Scholars and Dollars: Politics, Economics, and the Universities of Ontario 1945-1980
Description
Contains Index
$35.00
ISBN 0-8020-5609-1
Author
Publisher
Year
Contributor
P.J. Hammel is a professor of Education at the University of
Saskatchewan.
Review
“The two distinct objects of university education are mental culture and practical utility. In recent years the latter has steadily gained upon the former owing to the utilitarian character of the age and the increased expenditures have doubtless been chiefly responsible for the development of this branch of instruction”; thus the Report of the Royal Commission on the University of Toronto in 1906 characterized the prevailing perception of the university in Ontario. In this detailed study, Paul Axelrod traces the changing role of the university in the economic life of the province and the nature of public financial support of higher education. Axelrod develops and documents the argument that as long as Canadians perceived universities to be contributing directly to economic growth and individual prosperity, they accepted the principle of increased public funding for the operation and expansion of those universities. However, during periods of serious economic decline, universities were accused of failing to relate education to the real needs of the community and public expenditure in support of higher education was questioned and often curtailed. The irony of the situation was that universities, for their very existence, were forced to exploit a system to which their destinies were inextricably bound but which they could not control. Hence, the current dilemma facing all universities: how to develop effective and accountable fiscal policies while dependent on an economic system that prefers no plan.
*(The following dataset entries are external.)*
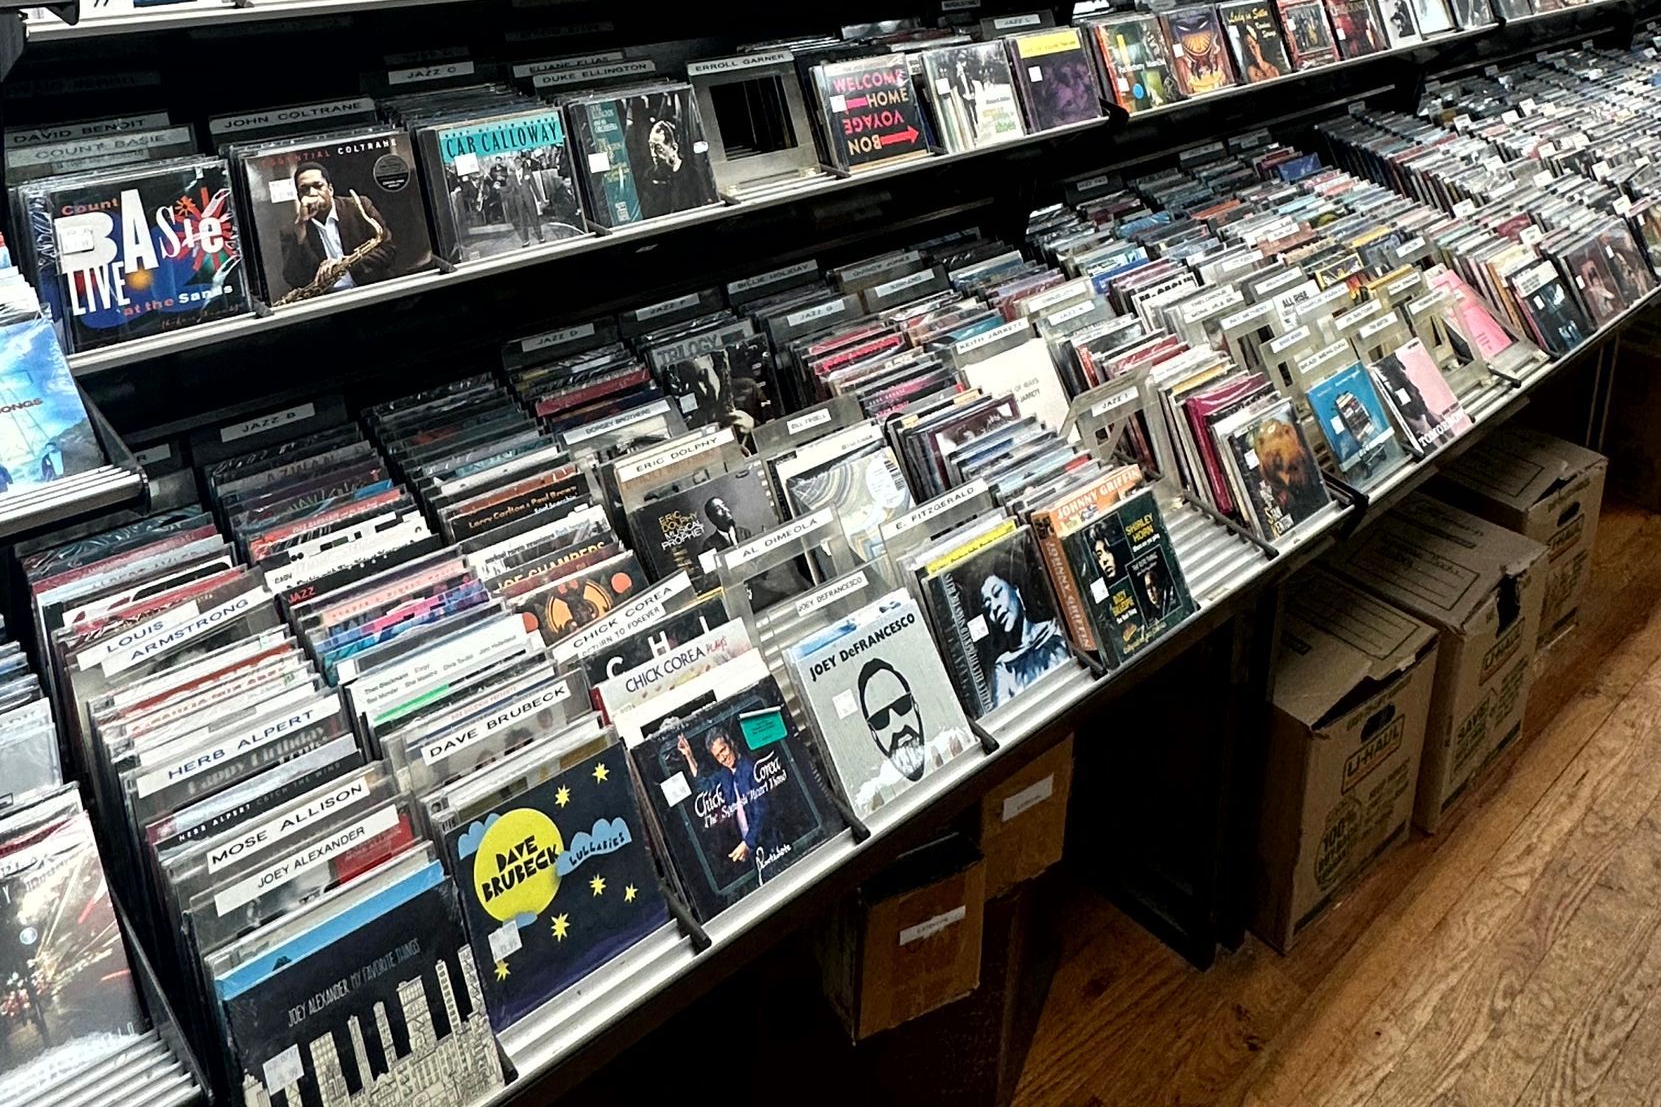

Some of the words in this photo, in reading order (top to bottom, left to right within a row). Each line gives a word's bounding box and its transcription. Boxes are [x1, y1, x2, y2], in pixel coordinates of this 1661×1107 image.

[407, 68, 441, 79] JAZZ
[542, 72, 577, 84] DUKE
[582, 63, 647, 78] ELLINGTON
[696, 59, 738, 72] ERROLL
[743, 53, 785, 65] GARNER
[833, 69, 905, 93] WELCOME
[867, 86, 909, 108] HOME
[223, 115, 269, 129] JOHN
[277, 101, 363, 121] COLTRANE
[14, 129, 72, 143] DAVID
[81, 119, 146, 134] BENOIT
[446, 135, 476, 159] CAB
[481, 121, 559, 153] CALLOWAY
[35, 143, 106, 160] COUNT
[114, 133, 166, 148] BASIE
[337, 138, 398, 156] COLTRANE
[62, 197, 119, 216] Count
[63, 259, 131, 317] LIVE
[145, 296, 174, 313] the
[651, 302, 675, 314] JAZZ
[537, 333, 564, 345] JAZZ
[243, 416, 281, 433] JAZZ
[636, 456, 664, 472] ERIC
[671, 436, 718, 458] DOLPHY
[1057, 493, 1099, 520] JOHNNY
[1099, 467, 1142, 497] GRIFFIN
[895, 519, 907, 530] E.
[911, 486, 975, 522] FITZGERALD
[661, 526, 705, 551] PROPHET
[742, 546, 759, 558] AL
[765, 517, 818, 547] DIMEOLA
[287, 584, 316, 606] JAZZ
[131, 597, 250, 662] ARMSTRONG
[572, 618, 618, 649] CHICK
[624, 585, 673, 617] COREA
[106, 619, 164, 653] LOUIS
[625, 664, 662, 693] CHICK
[663, 646, 707, 675] COREA
[809, 656, 838, 682] JOEY
[429, 727, 479, 758] DAVE
[486, 686, 566, 730] BRUBECK
[167, 748, 228, 781] HERB
[236, 709, 313, 751] ALPERT
[212, 830, 269, 865] MOSE
[280, 783, 363, 833] ALLISON
[258, 865, 290, 889] JOEY
[293, 826, 366, 871] ALEXANDER
[496, 835, 538, 871] DAVE
[481, 844, 561, 903] BRUBECK
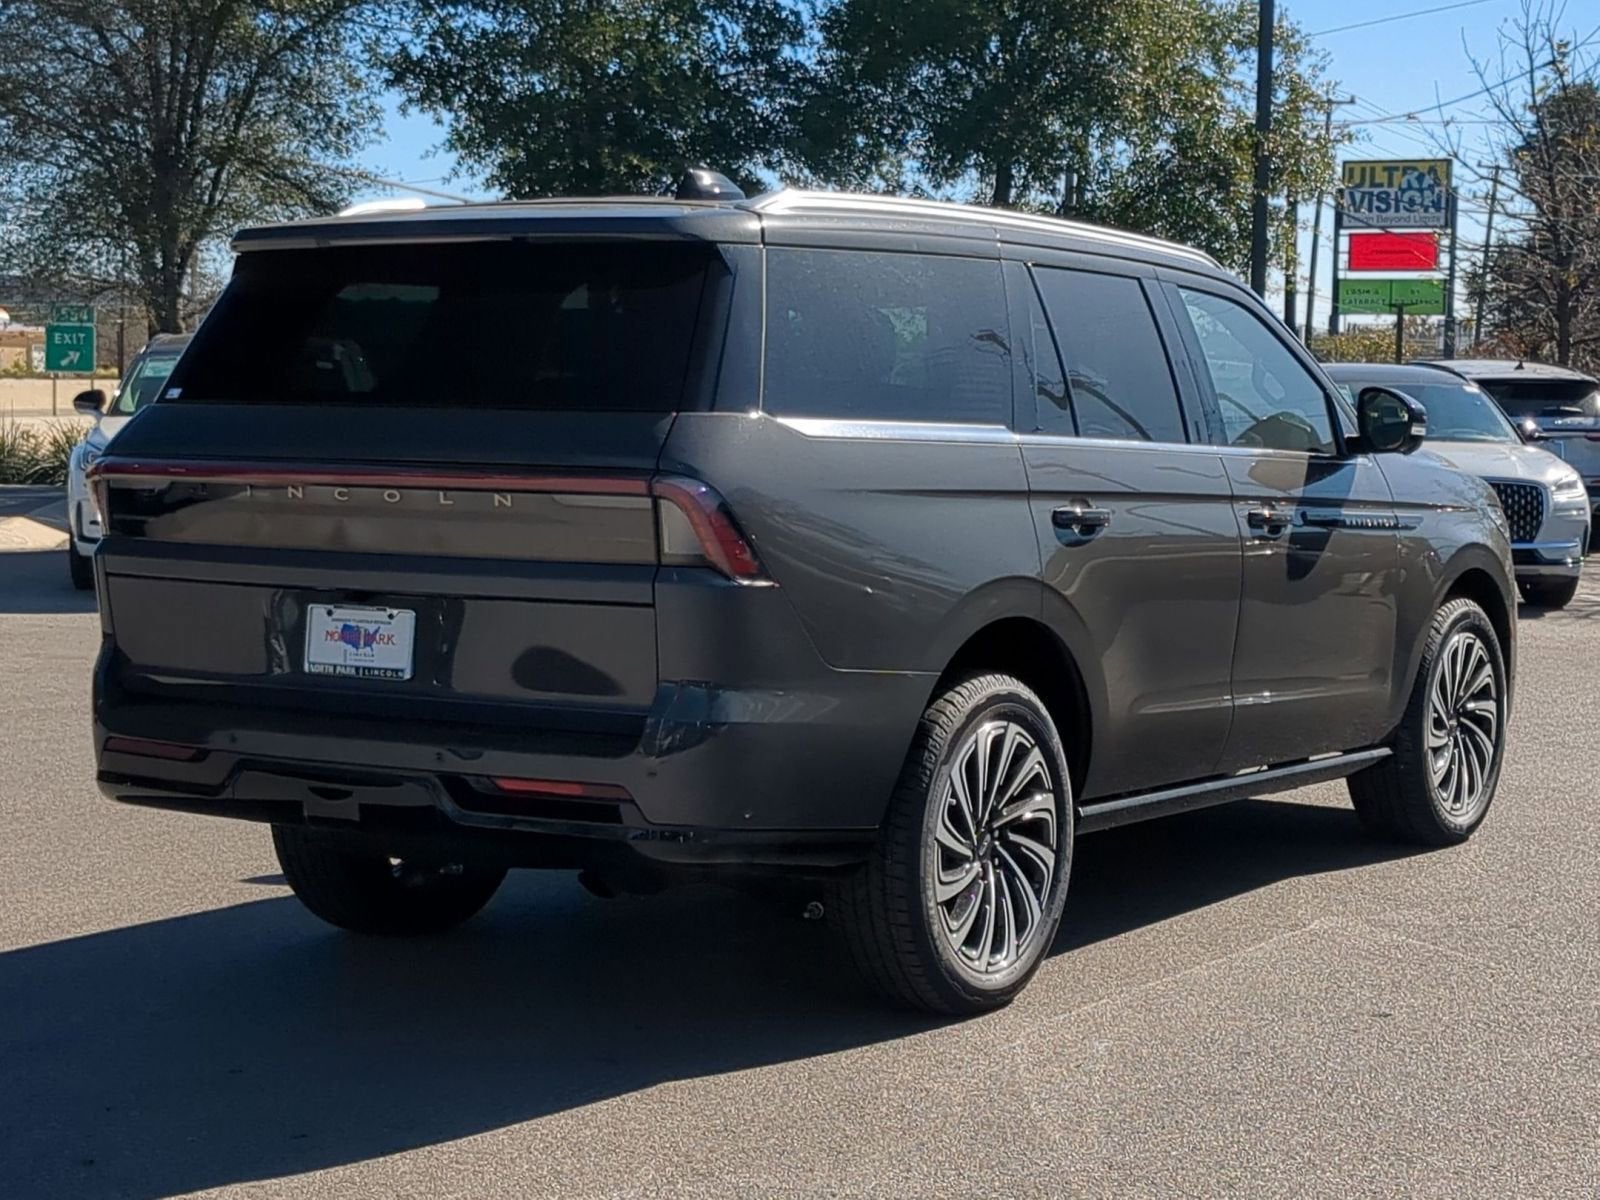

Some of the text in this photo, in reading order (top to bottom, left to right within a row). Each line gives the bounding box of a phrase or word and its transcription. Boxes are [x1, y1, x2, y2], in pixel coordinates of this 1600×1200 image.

[1347, 165, 1441, 188] ULTRA
[1348, 190, 1442, 213] VISION
[1348, 214, 1374, 223] Von
[1377, 214, 1411, 226] Beyond
[54, 333, 86, 345] EXIT
[364, 669, 405, 679] LINCOLN
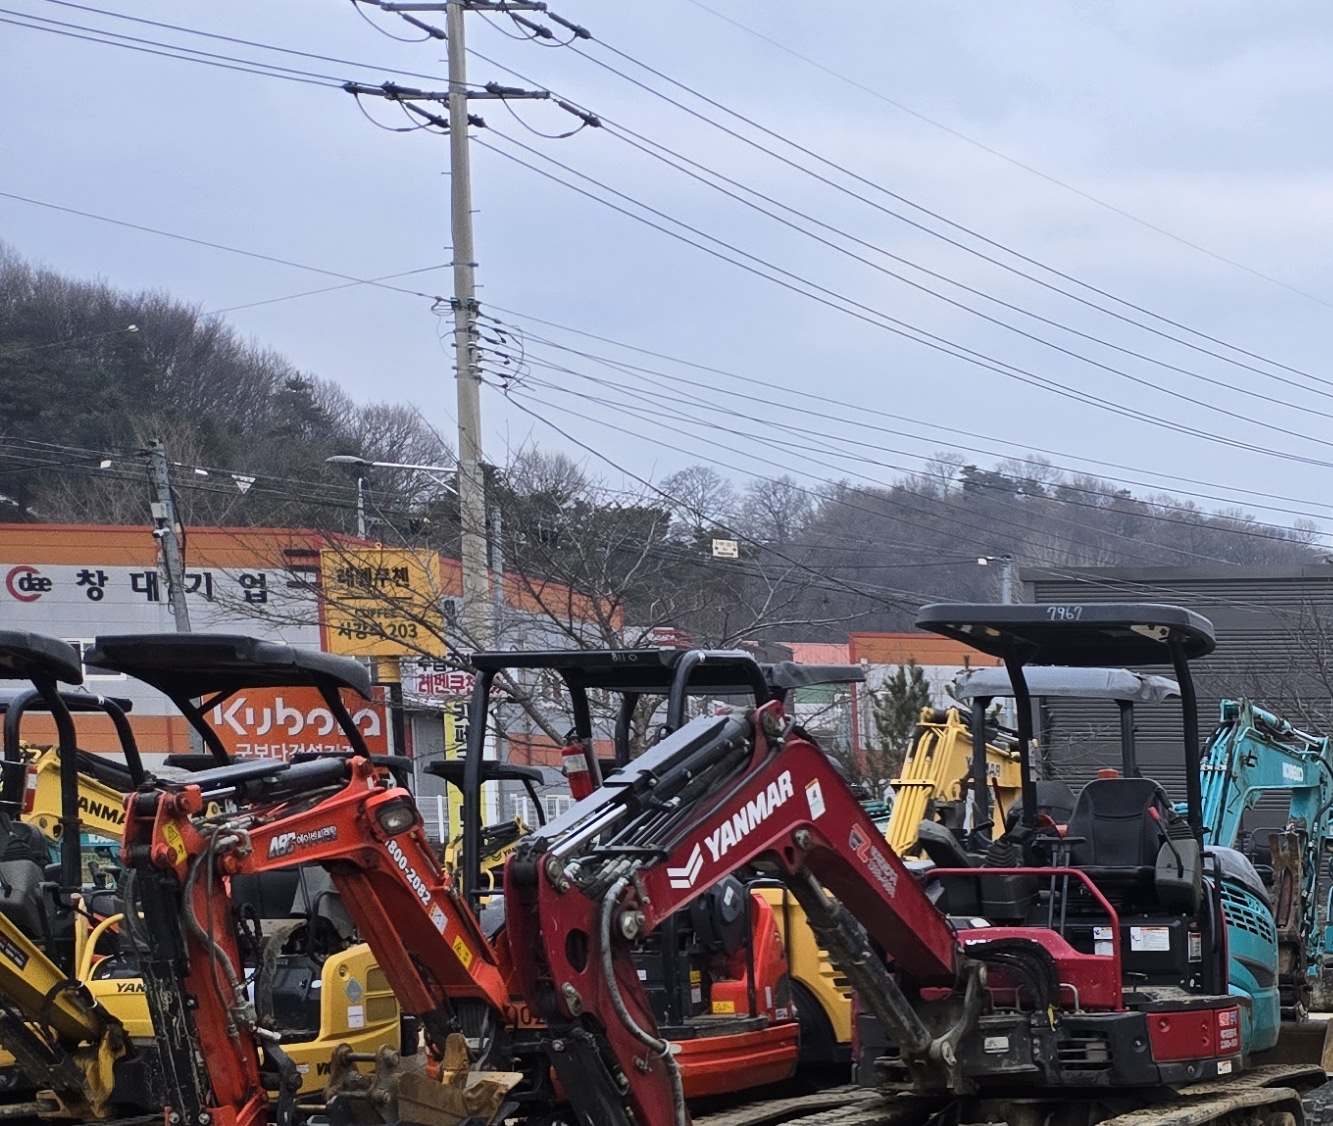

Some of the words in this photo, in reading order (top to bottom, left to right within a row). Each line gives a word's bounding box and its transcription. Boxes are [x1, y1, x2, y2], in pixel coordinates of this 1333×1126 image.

[1046, 606, 1083, 621] 7967
[389, 623, 418, 639] 203
[78, 796, 126, 825] ANMA
[703, 770, 795, 862] YANMAR
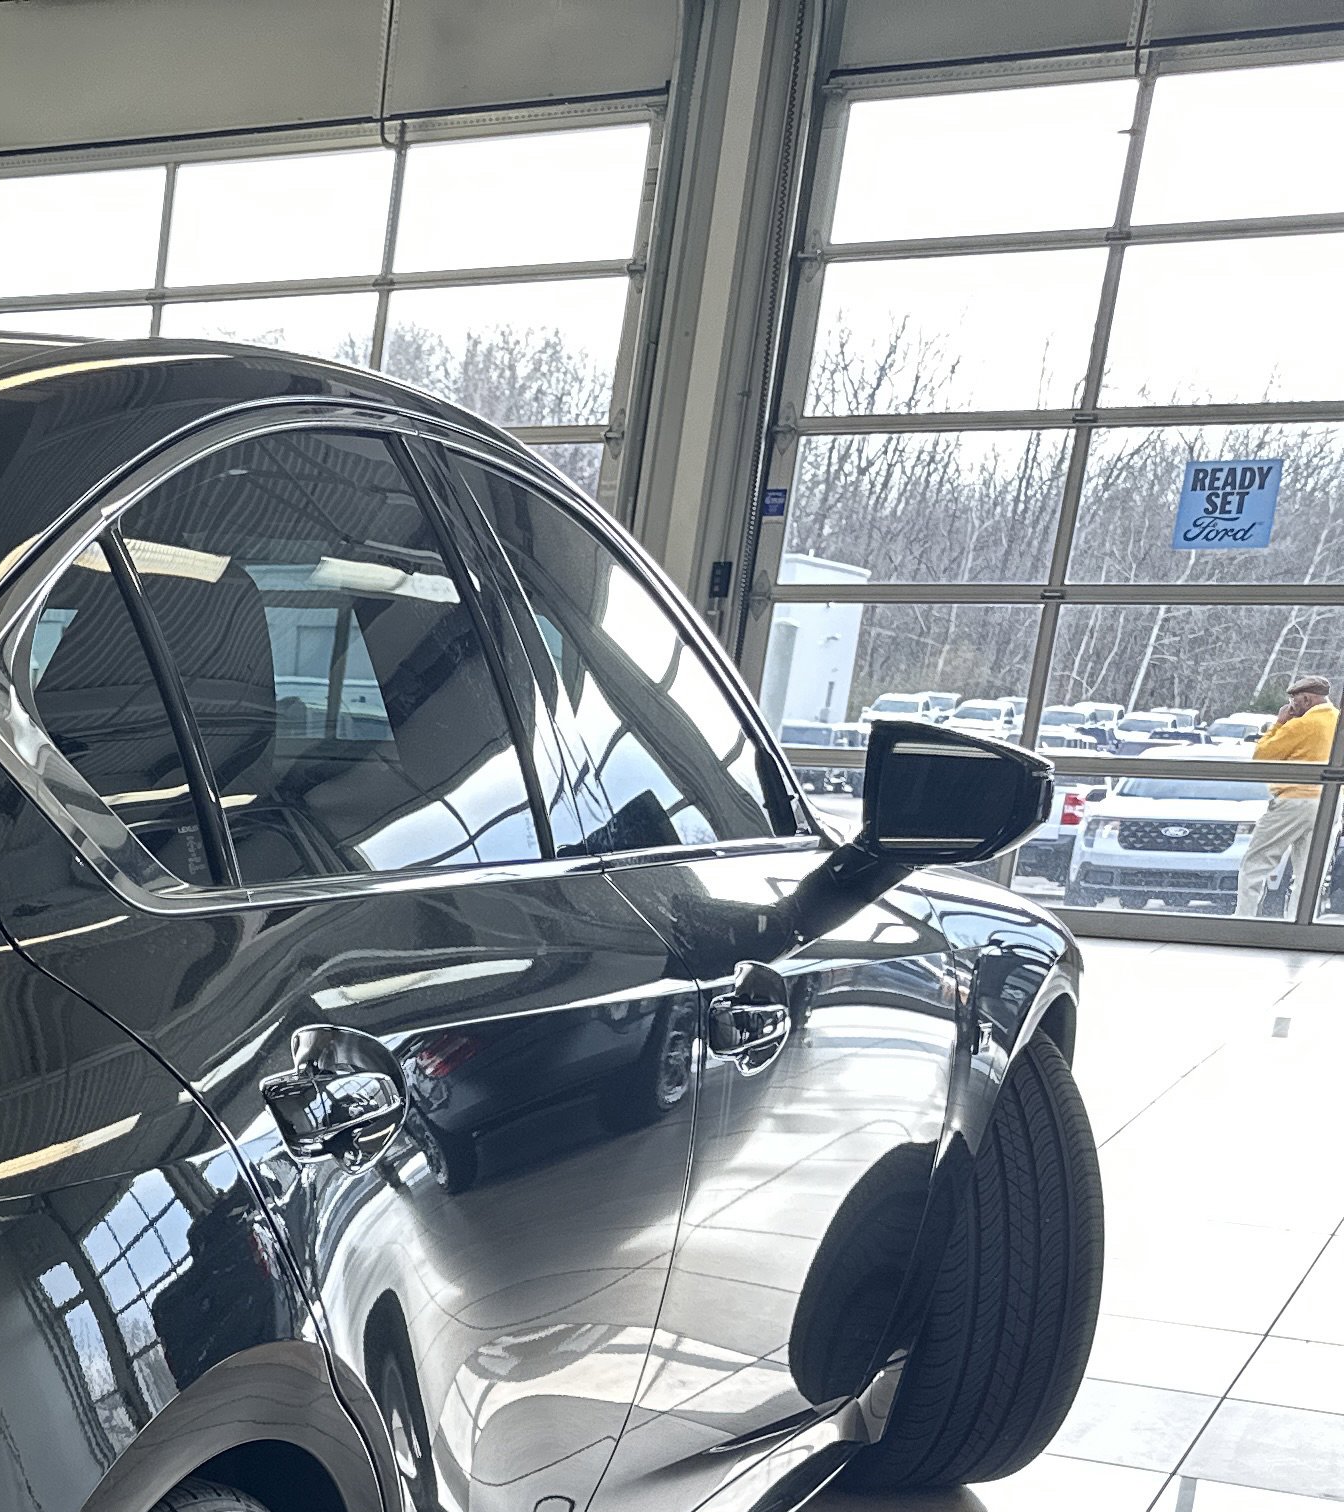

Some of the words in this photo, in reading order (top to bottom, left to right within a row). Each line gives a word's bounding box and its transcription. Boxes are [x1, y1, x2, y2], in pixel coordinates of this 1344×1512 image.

[1191, 466, 1273, 491] READY
[1203, 491, 1250, 515] SET
[1182, 516, 1257, 542] Ford
This work, an outgrowth of Axelrod’s doctoral dissertation at York University, is the fourth in “The State and Economic Life” series which examines the role of government in shaping various aspects of the economy. Obviously the result of a vast amount of scholarly research, the final product is an interesting and readable account of an extremely complex area. Axelrod has successfully translated his dissertation into a work that will have an appeal beyond the confines of university departments of history and higher education.